As a hands-on asset manager Quan-Soon does not believe in simply buying and holding mutual funds." All mutual fund families go through cycles where they are hot and cold in some areas, so you need to keep an eye on them and switch in and out from time to time if they are not meeting expectations," he says. He might move as much as two or three times over five years if lackluster performance warrants it.   

Although Quan-Soon sees his clients face-to-face only about twice a year, he spends a good deal of time communicating with them electronically. For example, each quarter he sends everyone a consolidated report showing the date and amount of their original investments and the value of their assets at the end of the past and present quarters.

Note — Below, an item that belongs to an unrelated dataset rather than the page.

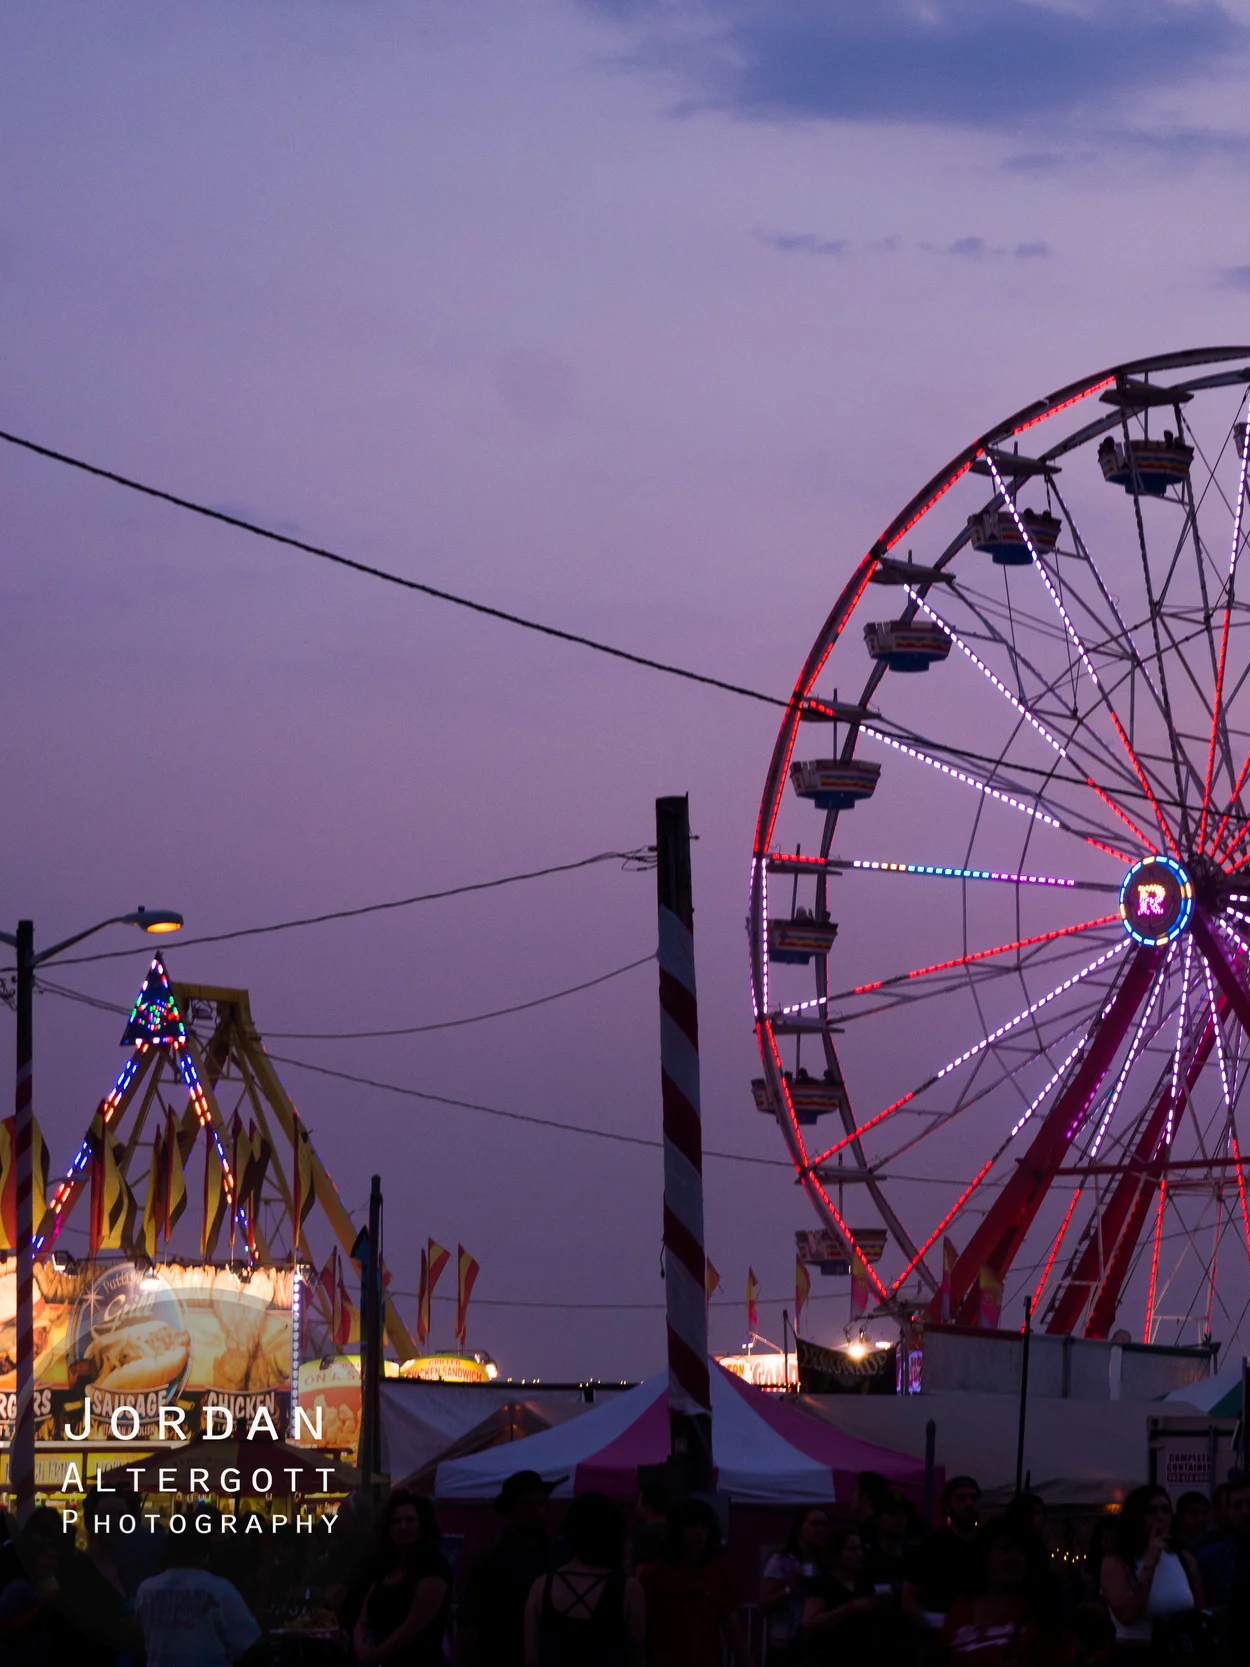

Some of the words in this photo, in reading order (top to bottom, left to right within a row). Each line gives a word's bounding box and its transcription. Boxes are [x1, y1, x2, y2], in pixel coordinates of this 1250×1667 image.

In addition, he maintains a home page on the Internet (http://members.aol.com/iqfinsvcs/homepage) that contains information about himself, his company, and his near-term outlook on the stock market, which he updates monthly. A typical recent offering stressed the importance of dollar cost averaging.   

Given the time it takes to actively manage his clients and their portfolios, Quan-Soon believes that the optimum size of his client base is between 300 and 400 people. Since he has already reached the lower end of this range, there is not much room left for him to grow, except by recruiting other planners who would work semi-independently under his direction. He would refer business to these associates in exchange for a share of the income they generated. He has already developed such a relationship with one advisor and hopes eventually to bring another five or six people into his organization. "I would only want to work with planners whose attitudes toward the business are similar to my own, and I can only know that by watching them over time," Quan-Soon says. "At the moment, I'm just keeping my eyes open."